Monday, November 9, 2009: 3:15 PM

Talar Markossian, MPH , Health Policy and Administration, University of Illinois at Chicago School of Public Health, Chicago, IL
Elizabeth Calhoun, PhD , School of Public Health, Division of Health Policy and Administration, University of Illinois, Chicago, Chicago, IL
Background: There are disparities in breast cancer detection, treatment, and survival between African American and Caucasian women. Patient navigation is a new approach to overcome access barriers that prevent disadvantaged patients from receiving appropriate and timely cancer diagnostic resolution and treatment. This study evaluates whether total costs of breast cancer patient navigation program can be off-set by survival benefits and savings in lifetime breast cancer-attributable costs for low-income ethnic minority women.

Methods: A cost-effectiveness analysis is carried using Markov model to simulate the natural history of breast cancer and the potential benefits of early detection. Data sources include data from the Chicago Cancer Navigation Project (CCNP), the CDC's Surveillance Epidemiology and End Results (SEER) program, and estimates from the published literature. The intervention is a patient navigation program that reduces in the interval of time by which breast cancer diagnostic resolution is reached in women who receive patient navigation as compared to controls. The Chicago Cancer Navigation Project (CCNP) serves the model navigation program for the analysis.
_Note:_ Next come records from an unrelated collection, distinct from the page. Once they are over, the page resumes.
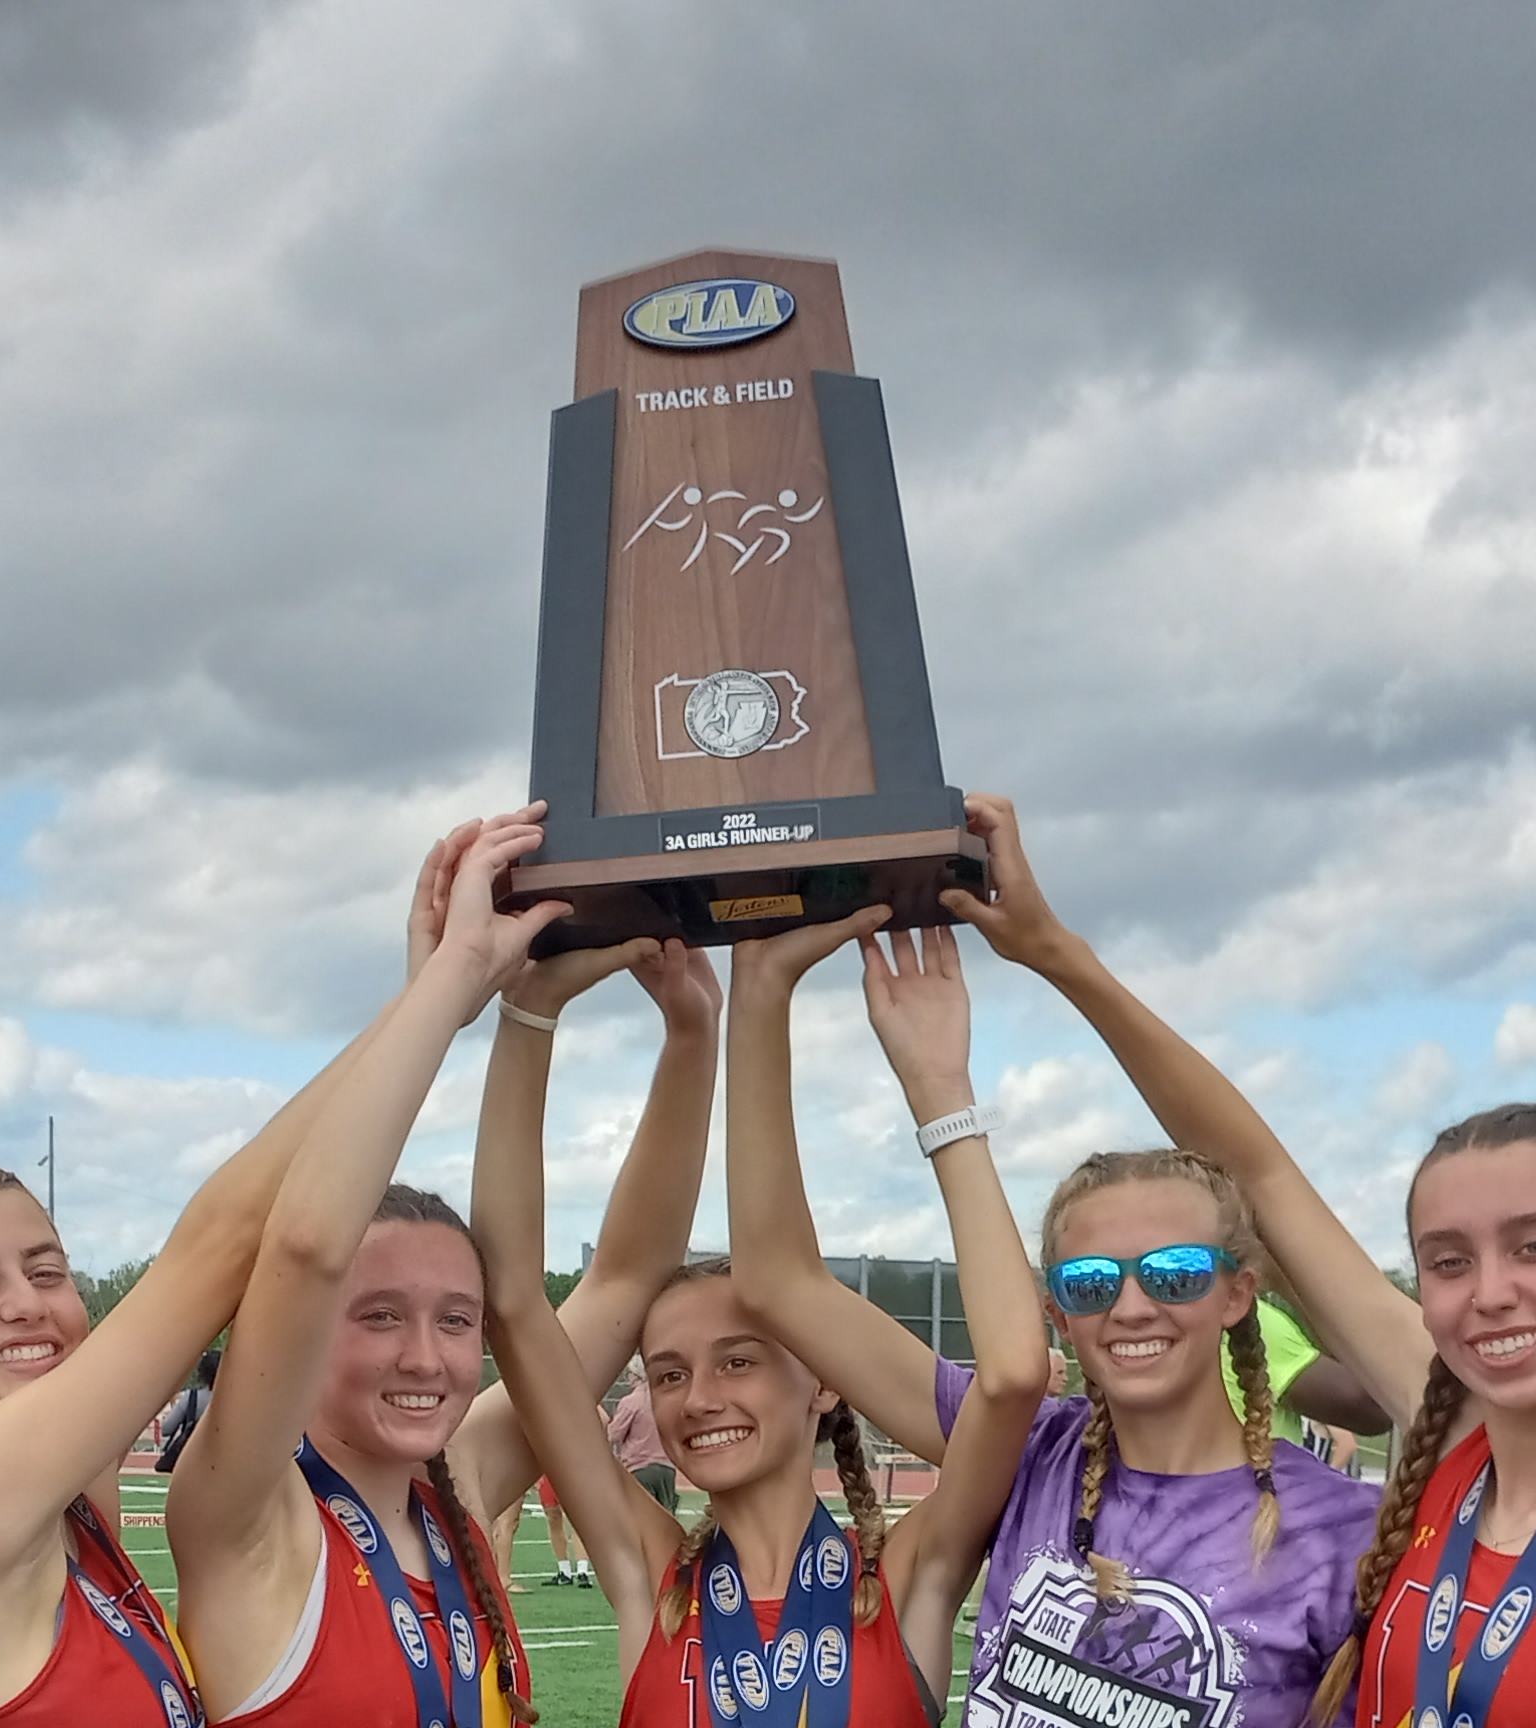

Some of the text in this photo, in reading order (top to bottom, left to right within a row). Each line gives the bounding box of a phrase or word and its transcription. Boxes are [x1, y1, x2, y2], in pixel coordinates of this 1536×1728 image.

[650, 284, 782, 338] PIAA
[635, 378, 794, 412] TRACK & FIELD
[665, 824, 814, 850] 3A GIRLS RUNNER-UP
[723, 813, 756, 830] 2022
[336, 1506, 374, 1549] PIAA
[824, 1542, 844, 1583] PIAA
[714, 1566, 736, 1606] PIAA
[1033, 1607, 1077, 1644] STATE
[1431, 1587, 1455, 1645] PIAA
[1487, 1593, 1528, 1651] PIAA
[737, 1655, 764, 1702] PIAA
[777, 1637, 804, 1683] PIAA
[820, 1636, 840, 1680] PIAA
Participants are low-income ethnic minority women 40 years and older. Measurements are in life-years gained, lifetime breast cancer-attributable costs, total program costs, and Cost-Effectiveness Ratio (CER).
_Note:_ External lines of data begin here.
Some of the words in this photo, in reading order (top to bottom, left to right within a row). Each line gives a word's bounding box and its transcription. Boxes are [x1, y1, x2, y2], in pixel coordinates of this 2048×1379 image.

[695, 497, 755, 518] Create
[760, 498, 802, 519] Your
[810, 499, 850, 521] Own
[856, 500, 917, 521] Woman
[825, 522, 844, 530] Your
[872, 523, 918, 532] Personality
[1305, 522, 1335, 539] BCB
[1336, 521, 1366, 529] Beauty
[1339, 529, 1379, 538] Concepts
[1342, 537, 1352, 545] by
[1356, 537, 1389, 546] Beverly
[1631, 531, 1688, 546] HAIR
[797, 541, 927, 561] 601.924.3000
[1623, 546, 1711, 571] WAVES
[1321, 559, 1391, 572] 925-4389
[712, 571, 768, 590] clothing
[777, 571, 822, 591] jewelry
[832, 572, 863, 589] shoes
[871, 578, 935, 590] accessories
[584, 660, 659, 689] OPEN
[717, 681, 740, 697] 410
Results: Results suggest that navigating women in CCNP for abnormal mammogram screening costs on average $1207 per program participant. If CCNP decrease by 6 months in the time interval in which breast cancer diagnostic resolution is reached in navigated women as compared to controls, the program leads to an increase in the life expectancy of a woman who has breast cancer and is navigated by 0.219 years and decrease in her lifetime breast cancer-attributable costs by $590. Based on these estimates of costs and effectiveness, a patient navigation program is borderline cost-effective $91,591 per life year gained (2006 dollars, discounted costs and benefits by 3% discount rate). In sensitivity analysis of 4 key variables that may affect the CER of navigation versus standard care; the CER is sensitive to the interval of time by which breast cancer diagnostic resolution is advanced, a woman's age, and positive predictive value of a mammogram. The CER is not sensitive to the number of program participants.
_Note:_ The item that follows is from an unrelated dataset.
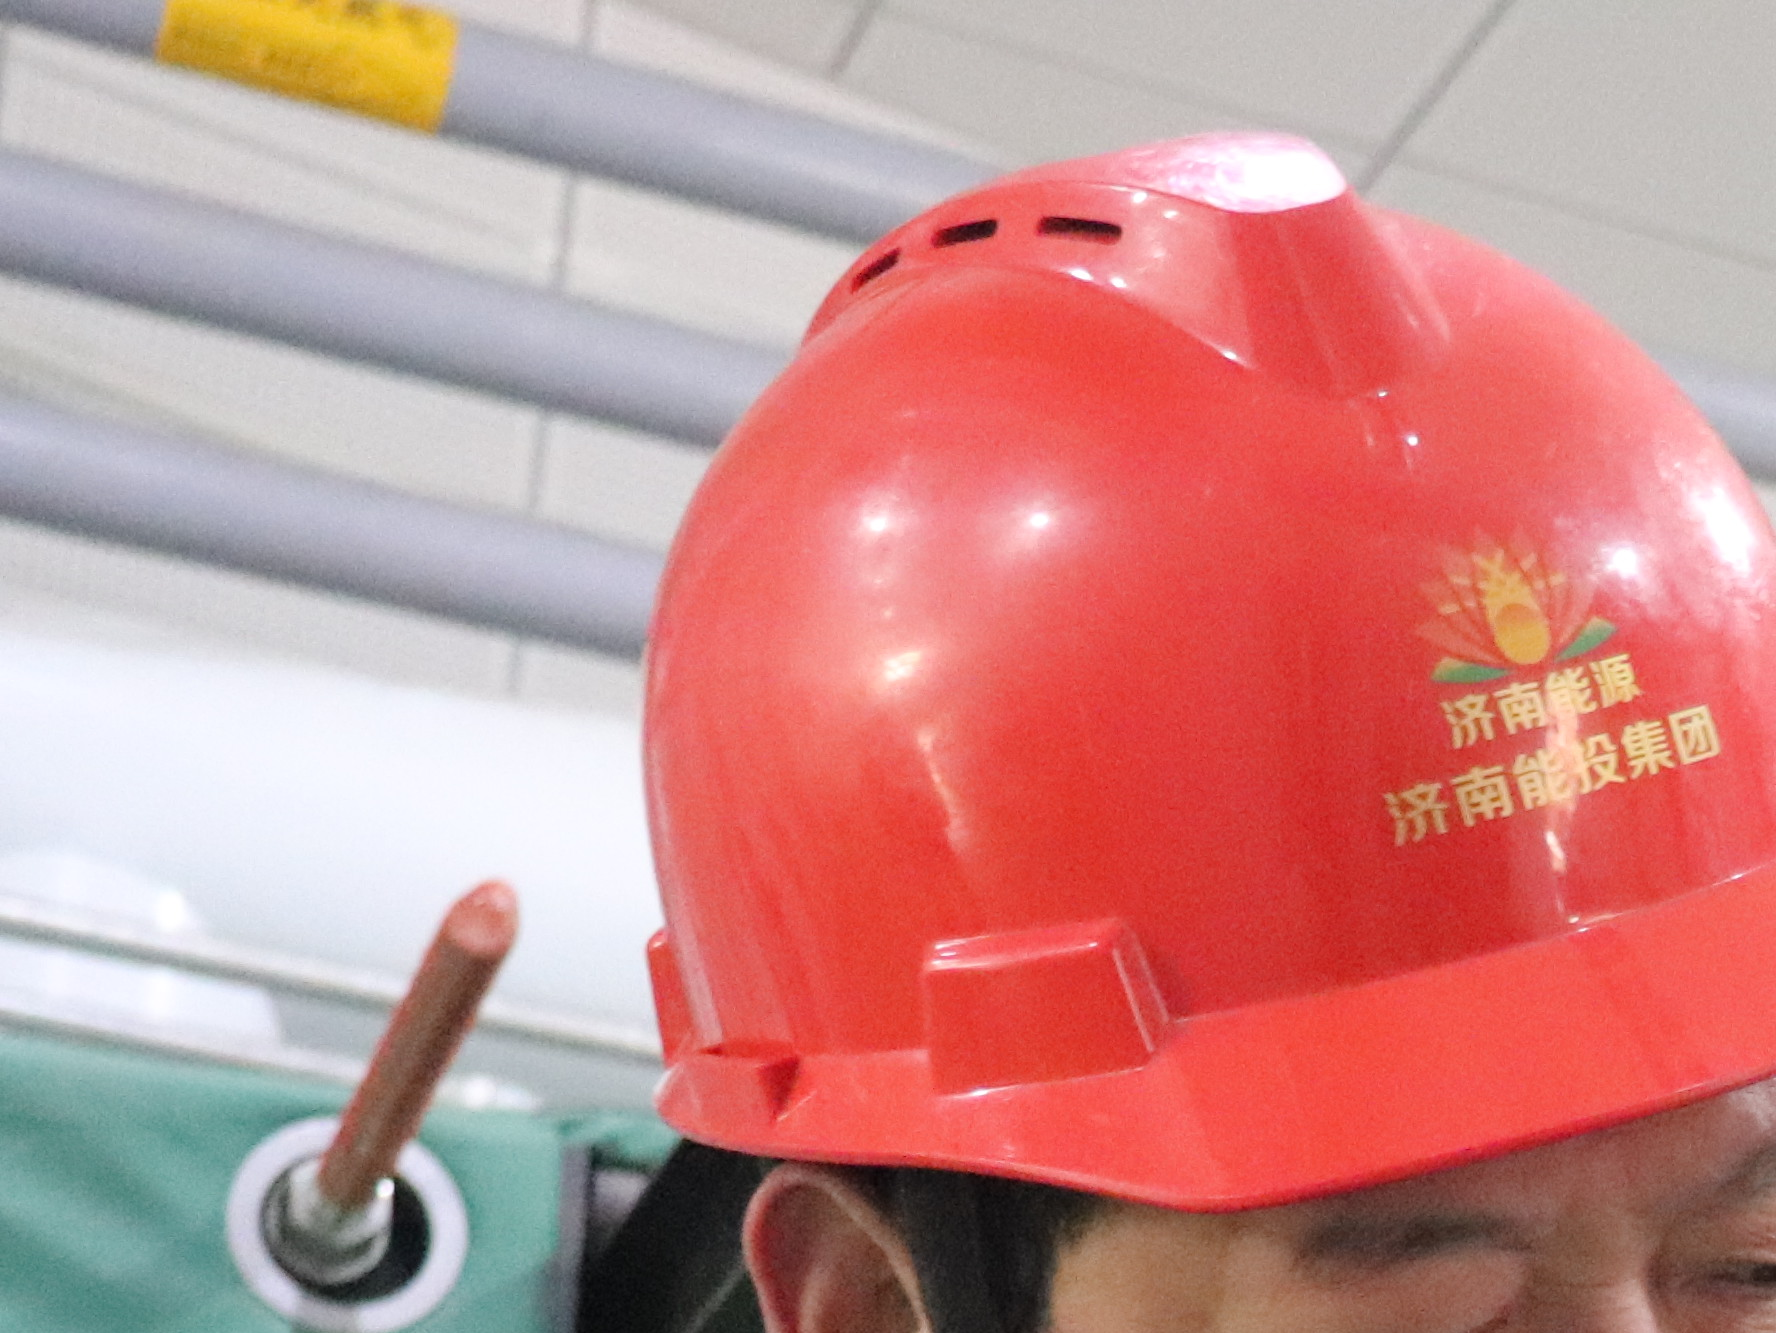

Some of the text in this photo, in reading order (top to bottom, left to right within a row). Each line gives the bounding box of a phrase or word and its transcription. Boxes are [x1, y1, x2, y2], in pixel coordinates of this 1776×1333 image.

[1440, 653, 1641, 749] 济南能源
[1384, 703, 1721, 847] 济南能投集团
Conclusion: Patient navigation for breast cancer has potential to be cost-effective. When planning patient navigation programs, the characteristics of the disease, characteristics of program participants, and characteristics of the initial screening test should all be considered.

Learning Objectives:
1- To evaluate the cost-effectiveness of a public health program that addresses disparities in breast cancer prognosis. 2- To identify key variables that may affect the cost-effectiveness of patient navigation programs

Keywords: Breast Cancer, Health Disparities

Presenting author's disclosure statement:

Qualified on the content I am responsible for because: Research that I do for my dissertation
Any relevant financial relationships? No

I agree to comply with the American Public Health Association Conflict of Interest and Commercial Support Guidelines, and to disclose to the participants any off-label or experimental uses of a commercial product or service discussed in my presentation.